Activity:
Your output should contain every record, unchanged.

Top of Record set

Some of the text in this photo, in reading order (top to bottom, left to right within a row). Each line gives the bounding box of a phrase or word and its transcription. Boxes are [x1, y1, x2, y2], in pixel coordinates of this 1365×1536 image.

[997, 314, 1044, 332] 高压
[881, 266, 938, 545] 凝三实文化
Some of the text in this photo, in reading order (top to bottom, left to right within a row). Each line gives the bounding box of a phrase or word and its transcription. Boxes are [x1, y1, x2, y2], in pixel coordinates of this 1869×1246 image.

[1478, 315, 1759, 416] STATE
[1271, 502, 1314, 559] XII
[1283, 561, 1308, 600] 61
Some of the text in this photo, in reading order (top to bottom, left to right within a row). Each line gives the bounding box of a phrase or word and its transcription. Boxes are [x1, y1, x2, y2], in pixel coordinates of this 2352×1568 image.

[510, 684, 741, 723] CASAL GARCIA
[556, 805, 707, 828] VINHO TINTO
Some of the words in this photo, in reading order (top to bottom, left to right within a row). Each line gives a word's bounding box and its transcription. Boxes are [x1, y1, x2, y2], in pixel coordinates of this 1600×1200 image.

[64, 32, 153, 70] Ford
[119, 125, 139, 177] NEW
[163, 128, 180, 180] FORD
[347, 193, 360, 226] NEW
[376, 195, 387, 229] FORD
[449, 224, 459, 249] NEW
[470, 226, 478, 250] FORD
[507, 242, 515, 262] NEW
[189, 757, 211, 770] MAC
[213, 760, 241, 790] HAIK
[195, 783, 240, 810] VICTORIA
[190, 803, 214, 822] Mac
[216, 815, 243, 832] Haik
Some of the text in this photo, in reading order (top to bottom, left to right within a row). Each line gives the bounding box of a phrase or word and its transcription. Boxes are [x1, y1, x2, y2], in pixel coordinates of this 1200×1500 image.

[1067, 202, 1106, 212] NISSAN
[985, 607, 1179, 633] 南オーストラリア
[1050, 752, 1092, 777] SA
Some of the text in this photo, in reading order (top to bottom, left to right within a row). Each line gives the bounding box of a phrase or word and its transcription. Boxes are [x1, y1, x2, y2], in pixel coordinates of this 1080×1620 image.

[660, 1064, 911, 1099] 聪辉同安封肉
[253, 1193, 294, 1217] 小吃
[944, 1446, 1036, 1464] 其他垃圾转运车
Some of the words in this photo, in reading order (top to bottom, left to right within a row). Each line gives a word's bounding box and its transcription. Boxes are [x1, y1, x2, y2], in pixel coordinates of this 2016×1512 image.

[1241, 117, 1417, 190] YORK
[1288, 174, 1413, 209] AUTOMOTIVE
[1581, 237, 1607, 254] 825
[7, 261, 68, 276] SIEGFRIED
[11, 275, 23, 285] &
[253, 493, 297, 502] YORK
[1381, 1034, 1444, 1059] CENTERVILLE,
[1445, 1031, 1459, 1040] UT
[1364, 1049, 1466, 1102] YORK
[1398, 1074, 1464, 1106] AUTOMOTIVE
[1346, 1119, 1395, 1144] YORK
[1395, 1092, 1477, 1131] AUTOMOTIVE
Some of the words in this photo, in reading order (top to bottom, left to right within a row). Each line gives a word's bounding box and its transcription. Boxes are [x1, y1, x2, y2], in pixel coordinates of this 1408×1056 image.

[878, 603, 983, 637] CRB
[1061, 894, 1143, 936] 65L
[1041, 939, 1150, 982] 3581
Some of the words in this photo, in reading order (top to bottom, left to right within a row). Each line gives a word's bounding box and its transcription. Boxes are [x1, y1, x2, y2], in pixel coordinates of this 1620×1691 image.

Bottom of Record set

Answer below:
Some of the text in this photo, in reading order (top to bottom, left to right within a row). Each line gives the bounding box of a phrase or word and its transcription. Boxes are [x1, y1, x2, y2], in pixel coordinates of this 1365×1536 image.

[997, 314, 1044, 332] 高压
[881, 266, 938, 545] 凝三实文化
Some of the text in this photo, in reading order (top to bottom, left to right within a row). Each line gives the bounding box of a phrase or word and its transcription. Boxes are [x1, y1, x2, y2], in pixel coordinates of this 1869×1246 image.

[1478, 315, 1759, 416] STATE
[1271, 502, 1314, 559] XII
[1283, 561, 1308, 600] 61
Some of the text in this photo, in reading order (top to bottom, left to right within a row). Each line gives the bounding box of a phrase or word and its transcription. Boxes are [x1, y1, x2, y2], in pixel coordinates of this 2352×1568 image.

[510, 684, 741, 723] CASAL GARCIA
[556, 805, 707, 828] VINHO TINTO
Some of the words in this photo, in reading order (top to bottom, left to right within a row). Each line gives a word's bounding box and its transcription. Boxes are [x1, y1, x2, y2], in pixel coordinates of this 1600×1200 image.

[64, 32, 153, 70] Ford
[119, 125, 139, 177] NEW
[163, 128, 180, 180] FORD
[347, 193, 360, 226] NEW
[376, 195, 387, 229] FORD
[449, 224, 459, 249] NEW
[470, 226, 478, 250] FORD
[507, 242, 515, 262] NEW
[189, 757, 211, 770] MAC
[213, 760, 241, 790] HAIK
[195, 783, 240, 810] VICTORIA
[190, 803, 214, 822] Mac
[216, 815, 243, 832] Haik
Some of the text in this photo, in reading order (top to bottom, left to right within a row). Each line gives the bounding box of a phrase or word and its transcription. Boxes are [x1, y1, x2, y2], in pixel coordinates of this 1200×1500 image.

[1067, 202, 1106, 212] NISSAN
[985, 607, 1179, 633] 南オーストラリア
[1050, 752, 1092, 777] SA
Some of the text in this photo, in reading order (top to bottom, left to right within a row). Each line gives the bounding box of a phrase or word and its transcription. Boxes are [x1, y1, x2, y2], in pixel coordinates of this 1080×1620 image.

[660, 1064, 911, 1099] 聪辉同安封肉
[253, 1193, 294, 1217] 小吃
[944, 1446, 1036, 1464] 其他垃圾转运车
Some of the words in this photo, in reading order (top to bottom, left to right within a row). Each line gives a word's bounding box and its transcription. Boxes are [x1, y1, x2, y2], in pixel coordinates of this 2016×1512 image.

[1241, 117, 1417, 190] YORK
[1288, 174, 1413, 209] AUTOMOTIVE
[1581, 237, 1607, 254] 825
[7, 261, 68, 276] SIEGFRIED
[11, 275, 23, 285] &
[253, 493, 297, 502] YORK
[1381, 1034, 1444, 1059] CENTERVILLE,
[1445, 1031, 1459, 1040] UT
[1364, 1049, 1466, 1102] YORK
[1398, 1074, 1464, 1106] AUTOMOTIVE
[1346, 1119, 1395, 1144] YORK
[1395, 1092, 1477, 1131] AUTOMOTIVE
Some of the words in this photo, in reading order (top to bottom, left to right within a row). Each line gives a word's bounding box and its transcription. Boxes are [x1, y1, x2, y2], in pixel coordinates of this 1408×1056 image.

[878, 603, 983, 637] CRB
[1061, 894, 1143, 936] 65L
[1041, 939, 1150, 982] 3581
Some of the words in this photo, in reading order (top to bottom, left to right within a row). Each line gives a word's bounding box and its transcription. Boxes are [x1, y1, x2, y2], in pixel coordinates of this 1620×1691 image.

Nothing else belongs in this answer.